Myrtle Beach Lifeguard Company Wants Sovereign Immunity Applied To Judgment
A lifeguard company that was contracted by Myrtle Beach to provide lifeguarding services in exchange for being allowed to rent beach equipment was sued for failing to render aid to a woman who drowned. The family said that there were no lifeguards present when the woman was in trouble. They sued the company and secured a $20.7 million judgment.
Several warnings were issued by lifeguarding agencies about the arrangement between the city and the company with concerned members of the public pointing out that the company had little incentive to prioritize public safety over beach rental income. Nonetheless, their contract with the city spelled out the terms of the agreement. They were only allowed to turn a profit on the sales and rental of beach equipment because they were providing lifeguarding services free of charge.
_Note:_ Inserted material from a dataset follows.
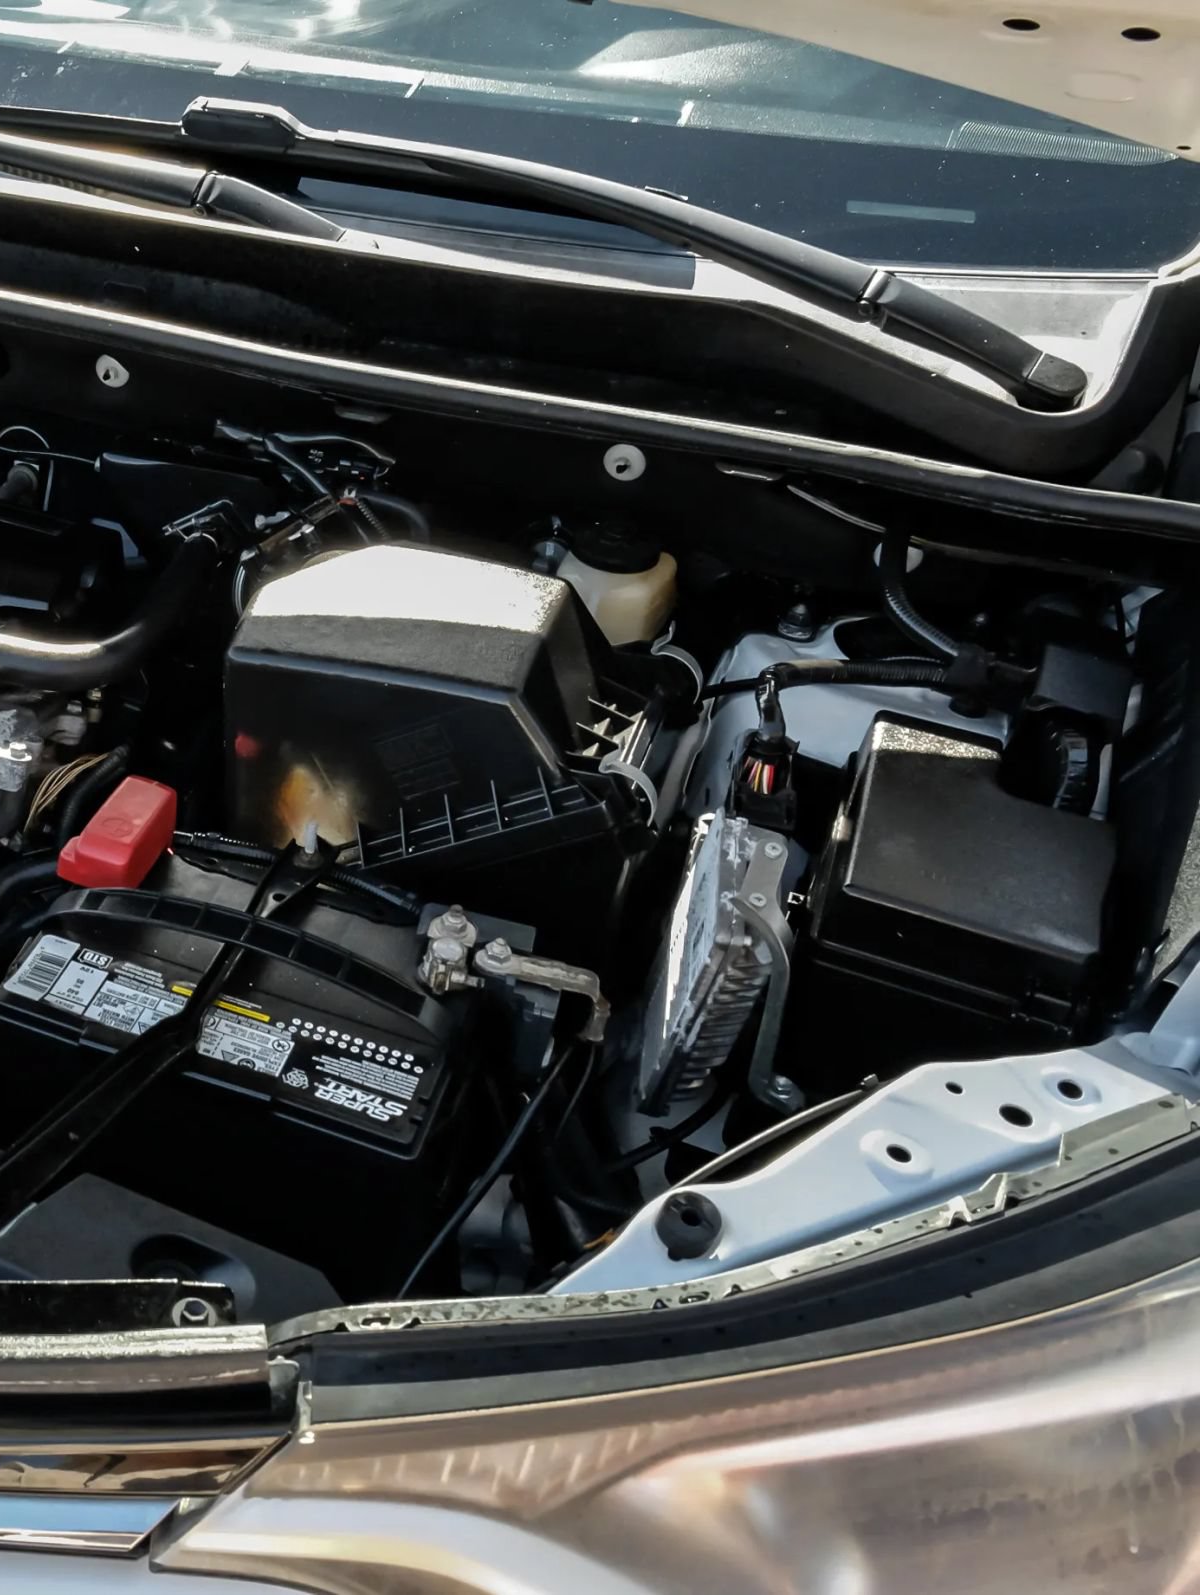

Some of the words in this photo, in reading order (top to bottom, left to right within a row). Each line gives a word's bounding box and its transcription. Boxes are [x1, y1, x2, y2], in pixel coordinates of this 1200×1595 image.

[83, 951, 108, 966] STD
[314, 1089, 390, 1121] SUPER
[317, 1080, 408, 1116] START
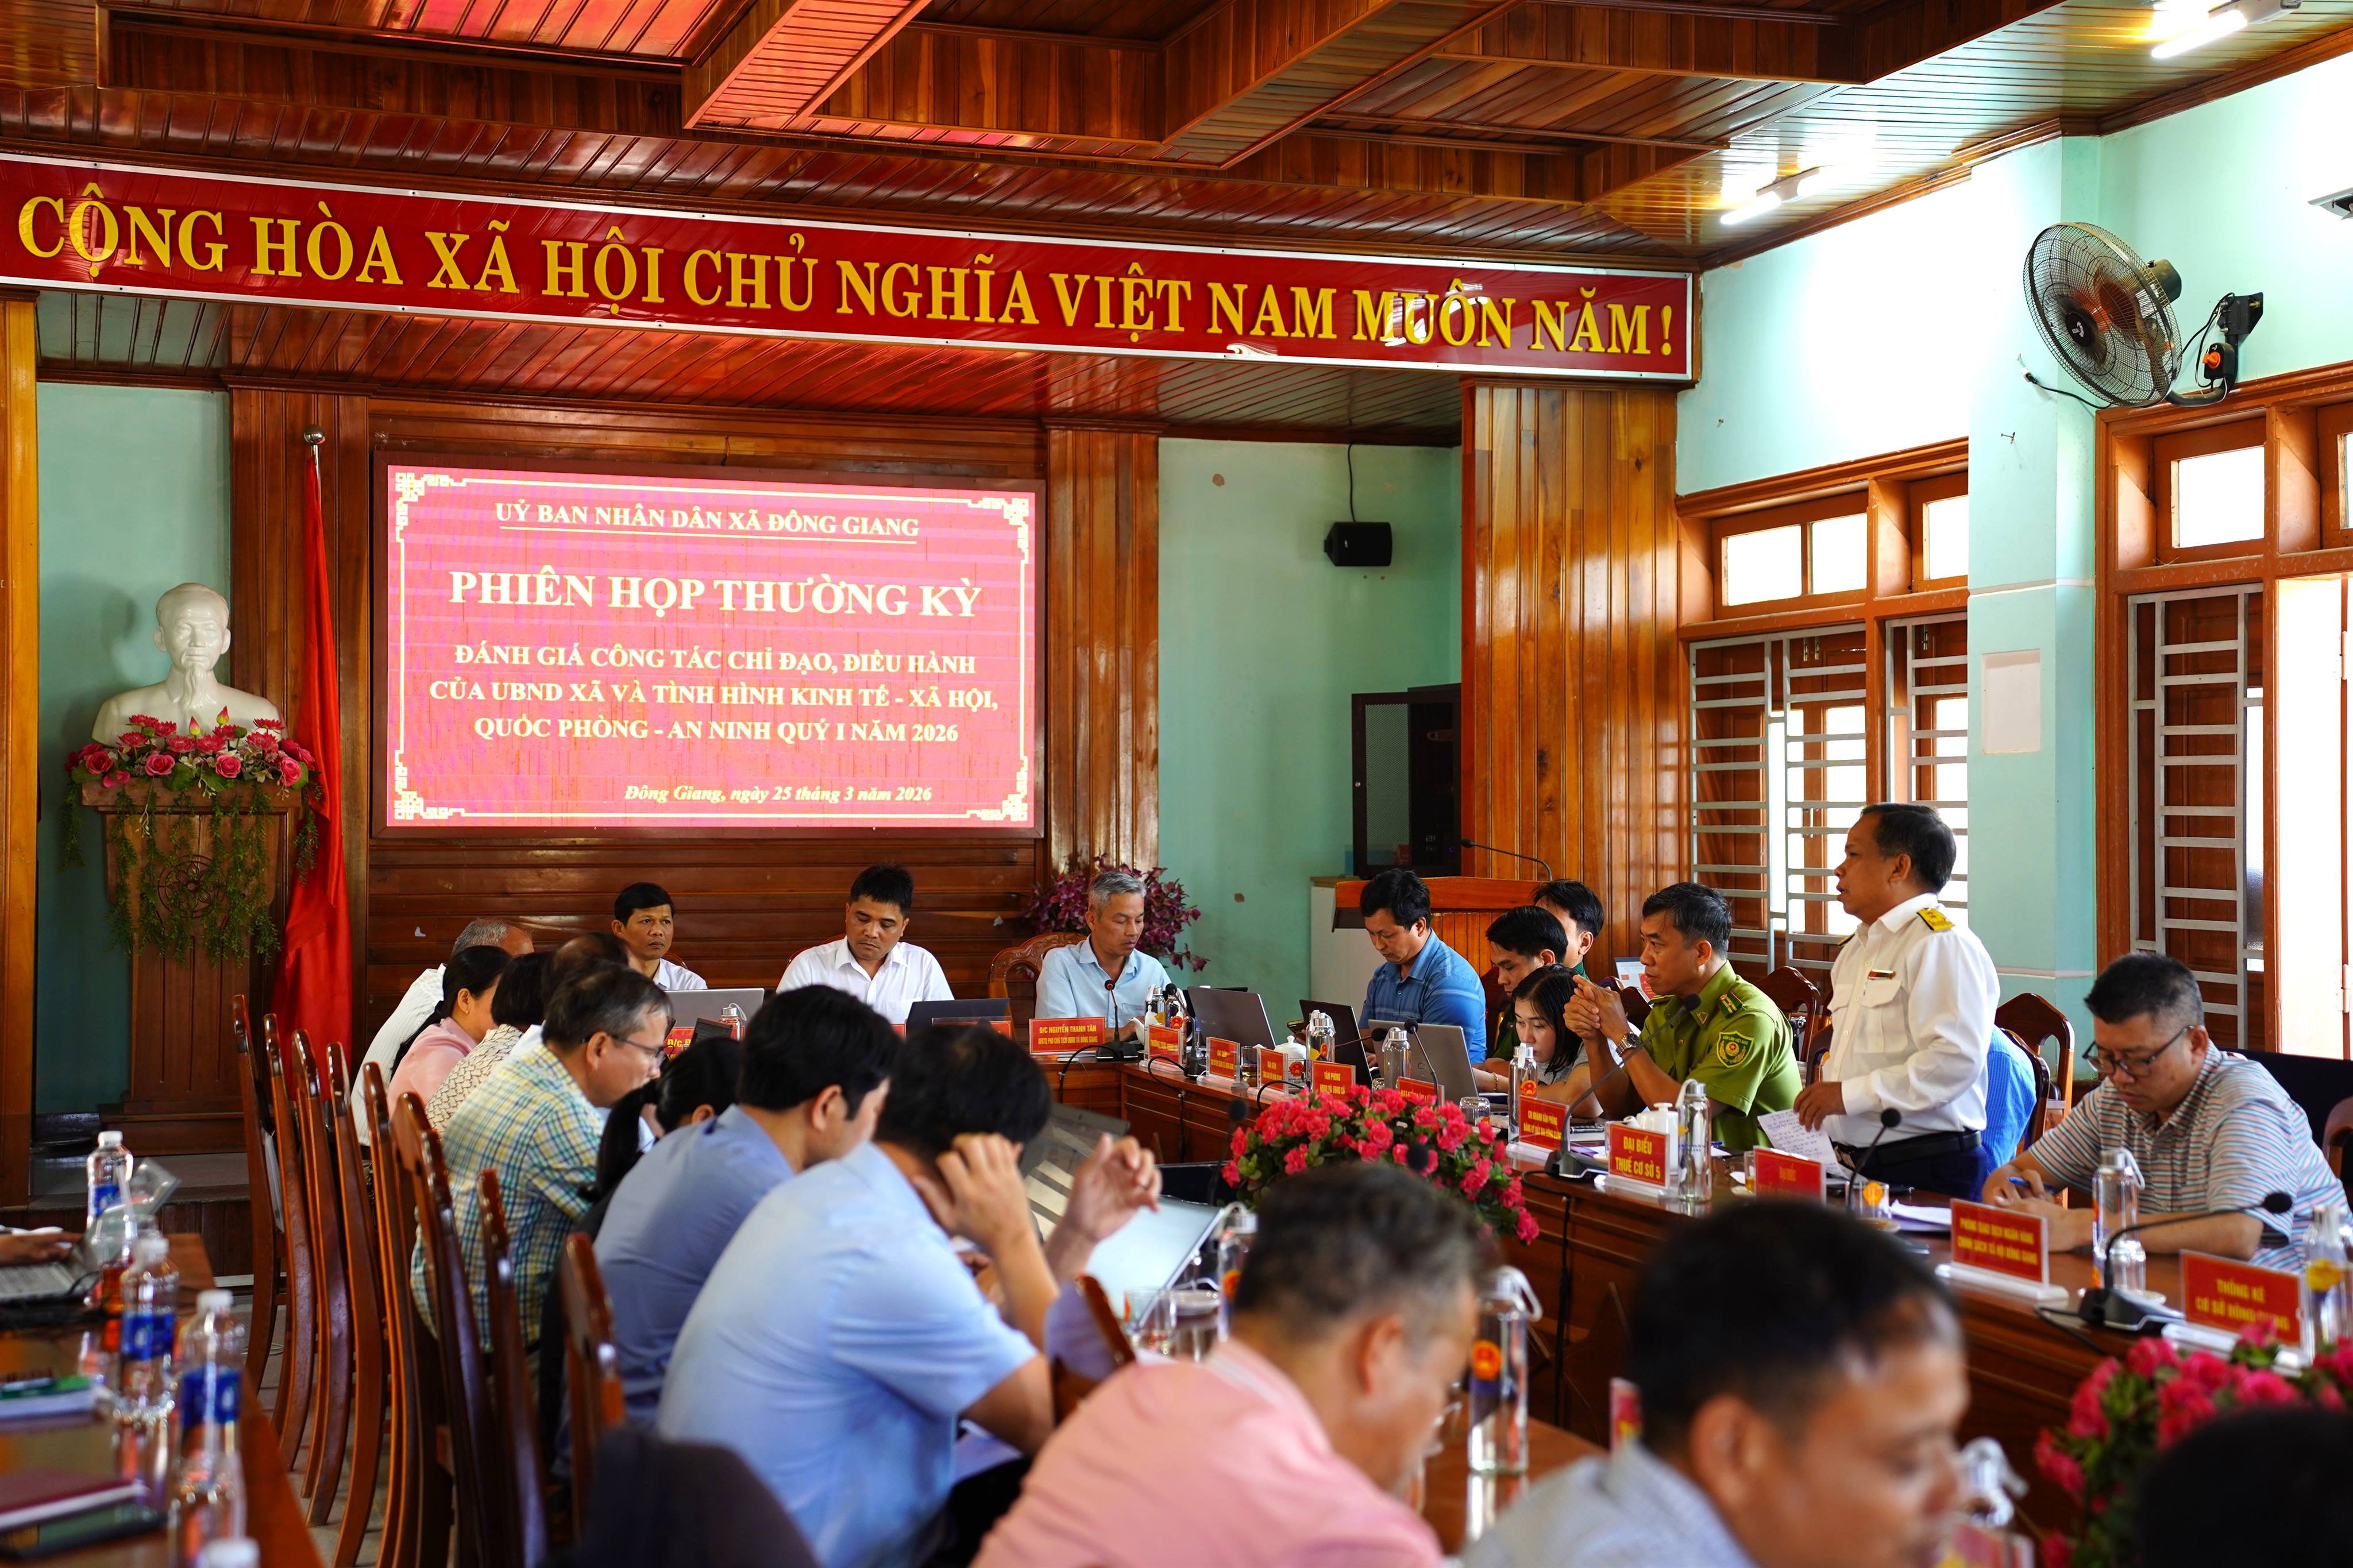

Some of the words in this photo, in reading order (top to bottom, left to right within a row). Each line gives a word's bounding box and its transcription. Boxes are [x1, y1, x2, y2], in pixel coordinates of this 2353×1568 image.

The obvious and inevitable happened with the lifeguards prioritizing sales over public safety and hence, they were sued by a family who lost a loved one during a high rip current event.
After losing the lawsuit to the tune of $20.7 million, the lifeguarding company is now appealing the decision on the basis that its contract with the city extends sovereign immunity to city contractors.
Do contractors get sovereign immunity?
There are precious few situations in which a government contractor would be entitled to sovereign immunity under a state’s laws. One of the few exceptions is doctors working at teaching hospitals. However, this immunity almost never extends to companies that bid on contracts with a city to provide services on the city’s behalf. Even if the city signed a contract extending sovereign immunity to the company, they would simply be taking on the liability themselves because it would deprive the plaintiffs of their ability to recover damages. So, in other words, if the city were to extend sovereign immunity to contractors, it would be taking on liability itself. Sovereign immunity generally caps damages at somewhere between $200,000 and $300,000 depending on your state. The city can “insure” contractors but they cannot force the law to extend itself to non-governmental organizations. That’s because sovereign immunity is meant to protect taxpayers and not companies.
Lastly, the company argued that the jury was impassioned by irrelevant parcels of information such as the lifeguarding company was not certified by U.S. Lifeguarding Association which was displeased with the arrangement and sent a letter that it was placing the public in danger. Attorneys for the defendants claim that this information was irrelevant since the city does not require certification by the USLA to provide lifeguarding services.
It sounds as if the verdict will be upheld.